The PsychRNN Backend is complimented by the Task object which enables users to easily and flexibly specify tasks of interest without any prerequisite knowledge of TensorFlow or machine learning. The Task object allows flexible input and output structure, with tasks varying in not only the task-specific features but also the number of input and output channels (Fig. 3). Furthermore, the object-oriented structure of task-definition in PsychRNN facilitates tasks that can be quickly and easily varied along multiple dimensions. For example, in an implementation of a delayed discrimination task (Romo et al., 1999), we can vary stimuli and delay durations with a set of two parameters (Fig. 3B). Importantly not only can we vary the inputs as they exist, but integration between the Task object and Backend makes it possible to vary the structure of the network from the Task object. This is because the RNN models are constructed after task definitions using task parameters, and are therefore custom-structured to accommodate task features. In our implementation of a delayed match-to-category task (Freedman and Assad, 2006), we can freely change the number of inputs (input discretization) and the number of outputs (categories; Fig. 3D). This flexibility allows researchers to investigate how the network solution of trained RNNs may depend on task or structural properties (Orhan and Ma, 2019).

Figure 3.

Figure 3.

Modularity of task definition. A, Task modularity. This schematic illustrates the trial progression of one trial of a delayed discrimination task.
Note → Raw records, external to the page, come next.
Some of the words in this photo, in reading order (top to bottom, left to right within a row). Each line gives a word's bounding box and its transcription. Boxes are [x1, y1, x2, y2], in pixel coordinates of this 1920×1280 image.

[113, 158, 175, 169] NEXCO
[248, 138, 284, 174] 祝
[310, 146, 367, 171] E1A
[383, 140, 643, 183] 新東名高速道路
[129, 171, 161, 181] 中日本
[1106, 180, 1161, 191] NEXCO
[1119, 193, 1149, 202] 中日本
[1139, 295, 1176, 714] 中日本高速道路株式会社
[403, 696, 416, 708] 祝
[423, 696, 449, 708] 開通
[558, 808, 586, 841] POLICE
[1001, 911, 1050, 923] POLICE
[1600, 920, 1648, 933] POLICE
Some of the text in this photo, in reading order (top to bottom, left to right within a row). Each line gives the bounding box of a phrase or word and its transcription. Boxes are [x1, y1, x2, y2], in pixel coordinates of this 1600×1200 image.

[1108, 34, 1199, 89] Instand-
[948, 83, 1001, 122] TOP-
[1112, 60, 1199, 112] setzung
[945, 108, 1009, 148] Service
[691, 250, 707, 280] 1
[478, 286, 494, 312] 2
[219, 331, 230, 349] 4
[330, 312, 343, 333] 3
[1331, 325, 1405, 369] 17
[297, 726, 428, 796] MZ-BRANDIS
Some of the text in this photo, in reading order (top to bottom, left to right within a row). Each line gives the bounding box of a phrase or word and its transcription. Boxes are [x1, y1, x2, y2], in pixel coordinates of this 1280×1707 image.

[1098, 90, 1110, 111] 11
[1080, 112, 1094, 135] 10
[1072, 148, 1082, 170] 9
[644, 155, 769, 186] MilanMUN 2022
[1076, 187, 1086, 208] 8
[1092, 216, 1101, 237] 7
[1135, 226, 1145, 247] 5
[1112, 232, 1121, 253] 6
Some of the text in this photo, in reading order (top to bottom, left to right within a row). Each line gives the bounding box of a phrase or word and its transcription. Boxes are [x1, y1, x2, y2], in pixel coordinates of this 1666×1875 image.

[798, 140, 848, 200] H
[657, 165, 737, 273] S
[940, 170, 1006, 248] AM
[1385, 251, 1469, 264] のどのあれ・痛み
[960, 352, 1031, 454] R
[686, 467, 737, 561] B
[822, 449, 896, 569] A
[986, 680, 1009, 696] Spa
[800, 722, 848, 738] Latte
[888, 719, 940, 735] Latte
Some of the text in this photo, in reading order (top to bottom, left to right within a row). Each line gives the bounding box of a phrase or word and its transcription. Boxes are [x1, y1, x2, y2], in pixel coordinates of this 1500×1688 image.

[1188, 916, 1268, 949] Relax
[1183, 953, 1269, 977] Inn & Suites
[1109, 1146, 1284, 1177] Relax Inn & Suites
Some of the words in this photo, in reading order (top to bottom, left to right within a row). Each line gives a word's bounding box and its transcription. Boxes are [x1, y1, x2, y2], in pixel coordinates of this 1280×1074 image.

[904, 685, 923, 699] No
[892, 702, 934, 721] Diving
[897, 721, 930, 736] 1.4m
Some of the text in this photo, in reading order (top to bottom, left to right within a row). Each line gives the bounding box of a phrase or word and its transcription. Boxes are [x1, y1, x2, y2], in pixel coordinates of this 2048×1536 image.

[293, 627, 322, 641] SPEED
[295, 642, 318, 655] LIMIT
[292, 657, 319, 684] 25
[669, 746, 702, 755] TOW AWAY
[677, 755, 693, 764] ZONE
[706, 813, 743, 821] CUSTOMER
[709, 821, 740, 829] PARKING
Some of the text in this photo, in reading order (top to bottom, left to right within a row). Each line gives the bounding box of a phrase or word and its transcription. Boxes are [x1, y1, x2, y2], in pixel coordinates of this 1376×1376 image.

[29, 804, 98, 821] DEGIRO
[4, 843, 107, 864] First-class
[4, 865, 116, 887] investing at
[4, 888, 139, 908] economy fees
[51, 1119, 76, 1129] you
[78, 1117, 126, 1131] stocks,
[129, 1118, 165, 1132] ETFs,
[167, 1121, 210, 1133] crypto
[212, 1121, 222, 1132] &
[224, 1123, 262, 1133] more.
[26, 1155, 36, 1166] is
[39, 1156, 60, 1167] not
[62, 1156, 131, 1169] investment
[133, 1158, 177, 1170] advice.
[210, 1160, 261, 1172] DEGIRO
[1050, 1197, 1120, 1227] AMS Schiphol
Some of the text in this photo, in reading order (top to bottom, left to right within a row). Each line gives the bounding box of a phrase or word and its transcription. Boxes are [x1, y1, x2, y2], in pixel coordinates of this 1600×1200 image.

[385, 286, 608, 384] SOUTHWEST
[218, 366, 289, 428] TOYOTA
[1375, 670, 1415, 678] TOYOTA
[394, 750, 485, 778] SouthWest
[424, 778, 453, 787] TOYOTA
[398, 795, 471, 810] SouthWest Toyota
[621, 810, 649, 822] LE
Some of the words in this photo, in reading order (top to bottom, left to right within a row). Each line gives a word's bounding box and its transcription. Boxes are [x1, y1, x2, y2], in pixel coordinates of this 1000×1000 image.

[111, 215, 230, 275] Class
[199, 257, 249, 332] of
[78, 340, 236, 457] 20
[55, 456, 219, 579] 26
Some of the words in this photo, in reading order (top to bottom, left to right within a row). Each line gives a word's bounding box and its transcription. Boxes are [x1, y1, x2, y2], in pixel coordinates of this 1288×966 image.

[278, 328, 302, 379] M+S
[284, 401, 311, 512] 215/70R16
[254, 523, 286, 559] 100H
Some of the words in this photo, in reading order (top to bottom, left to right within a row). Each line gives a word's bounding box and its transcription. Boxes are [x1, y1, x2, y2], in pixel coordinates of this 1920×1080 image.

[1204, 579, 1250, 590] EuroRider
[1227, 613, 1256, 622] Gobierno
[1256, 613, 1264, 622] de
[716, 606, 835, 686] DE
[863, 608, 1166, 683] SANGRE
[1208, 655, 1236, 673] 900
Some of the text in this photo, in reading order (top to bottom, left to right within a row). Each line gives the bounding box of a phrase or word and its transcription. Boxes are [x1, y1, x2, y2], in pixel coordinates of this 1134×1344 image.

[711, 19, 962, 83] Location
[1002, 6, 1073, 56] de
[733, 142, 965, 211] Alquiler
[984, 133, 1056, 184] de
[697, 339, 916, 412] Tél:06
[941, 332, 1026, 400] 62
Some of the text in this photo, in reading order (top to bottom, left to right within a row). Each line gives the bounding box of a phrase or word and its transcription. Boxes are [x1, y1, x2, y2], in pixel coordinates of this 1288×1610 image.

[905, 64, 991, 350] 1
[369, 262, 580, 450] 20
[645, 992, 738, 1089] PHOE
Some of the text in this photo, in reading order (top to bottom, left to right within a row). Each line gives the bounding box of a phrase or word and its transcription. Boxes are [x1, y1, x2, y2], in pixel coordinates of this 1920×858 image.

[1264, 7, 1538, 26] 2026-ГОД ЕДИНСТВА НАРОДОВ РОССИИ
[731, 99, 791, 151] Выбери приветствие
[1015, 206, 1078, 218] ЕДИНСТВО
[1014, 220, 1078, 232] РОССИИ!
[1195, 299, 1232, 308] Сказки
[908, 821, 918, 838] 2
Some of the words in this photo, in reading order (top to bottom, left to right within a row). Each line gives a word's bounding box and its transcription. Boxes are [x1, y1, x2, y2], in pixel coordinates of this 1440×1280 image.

The task is modularly defined such that stimulus and delay duration can be varied easily, simply by changing task parameters. B, One input channel generated by a delayed discrimination task, with varied stimulus and delay durations (Extended Data Fig. 3-1). Delay duration is varied across columns, and stimulus duration is varied across rows. C, Structural modularity. Tasks can provide any numbers of channels for input and output on which to train a particular RNN model. Variation in numbers of inputs and outputs is enabled through simple modular task parameters in PsychRNN. D, Example of a match-to-category task. The number of inputs (colored outer circles) is varied across columns, and the number of output categories (Cat) is varied across rows (Extended Data Fig. 3-2).

Extended Data Figure 3-1

Example PsychRNN code showing modularity of task structure. This code sample produces all data shown in Figure 4B. Although each plot in Figure 4B has different task durations, iteration through all of them is simplified through the object-oriented modular task definitions enabled by PsychRNN. Resulting code is compact and readable compared to non-modular alternatives. Download Figure 3-1, EPS file (934.3KB, eps) .

Extended Data Figure 3-2

Example PsychRNN code showing modularity of task inputs and outputs. This code sample produces all data shown in Figure 4D. Although each plot in Fig. 4D has different numbers of inputs and outputs, iteration through all of them is simplified through the object-oriented modular task definitions enabled by PsychRNN. Resulting code is compact and readable compared to non-modular alternatives. Download Figure 3-2, EPS file (765.4KB, eps) .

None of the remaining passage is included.